Records contained in a dataset
***
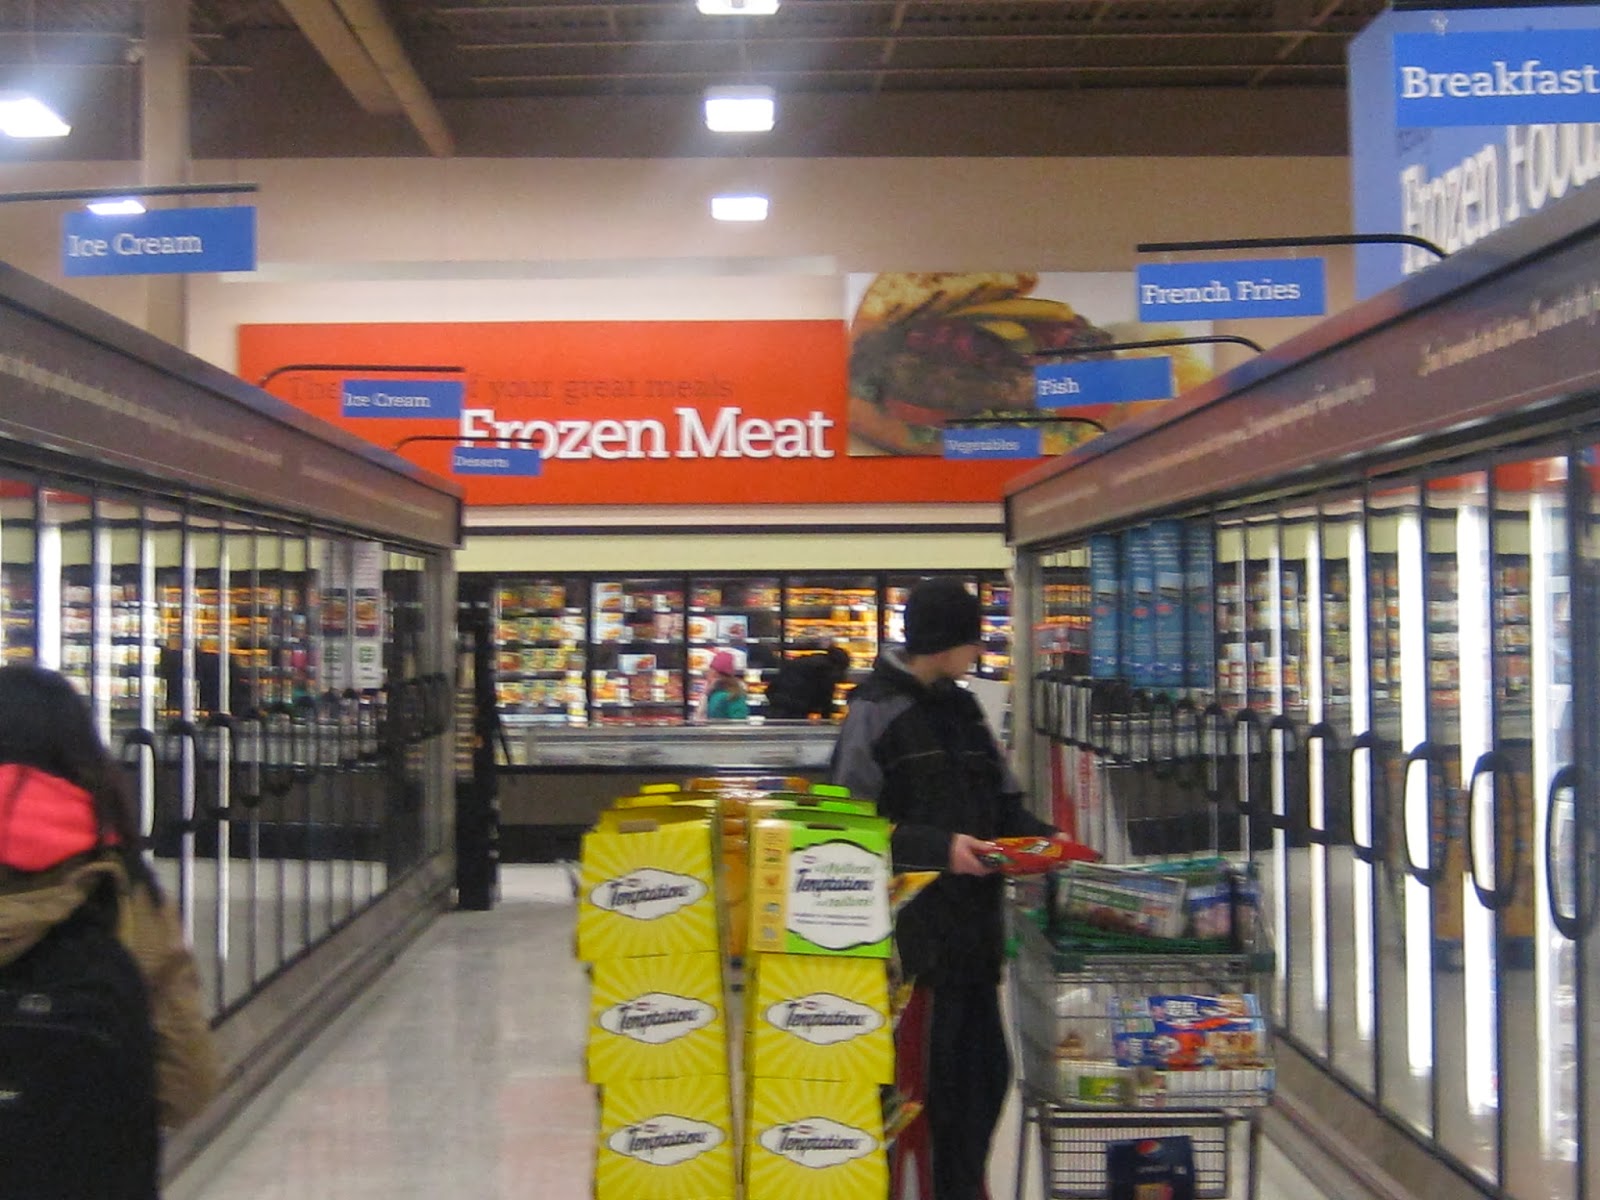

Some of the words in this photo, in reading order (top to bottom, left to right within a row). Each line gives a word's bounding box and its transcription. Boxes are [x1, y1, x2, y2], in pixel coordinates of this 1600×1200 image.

[1401, 59, 1600, 100] Breakfast
[68, 234, 108, 257] Ice
[113, 232, 203, 256] Cream
[1141, 280, 1231, 305] French
[1236, 278, 1301, 302] Fries
[1037, 377, 1080, 396] Fish
[344, 392, 370, 408] Ice
[372, 393, 430, 408] Cream
[460, 407, 670, 459] Frozen
[674, 406, 835, 458] Meat
***
Directions
Write down all the entries exactly, but not the pictures they hold.

Written solution
Some of the words in this photo, in reading order (top to bottom, left to right within a row). Each line gives a word's bounding box and its transcription. Boxes are [x1, y1, x2, y2], in pixel coordinates of this 1600×1200 image.

[1401, 59, 1600, 100] Breakfast
[68, 234, 108, 257] Ice
[113, 232, 203, 256] Cream
[1141, 280, 1231, 305] French
[1236, 278, 1301, 302] Fries
[1037, 377, 1080, 396] Fish
[344, 392, 370, 408] Ice
[372, 393, 430, 408] Cream
[460, 407, 670, 459] Frozen
[674, 406, 835, 458] Meat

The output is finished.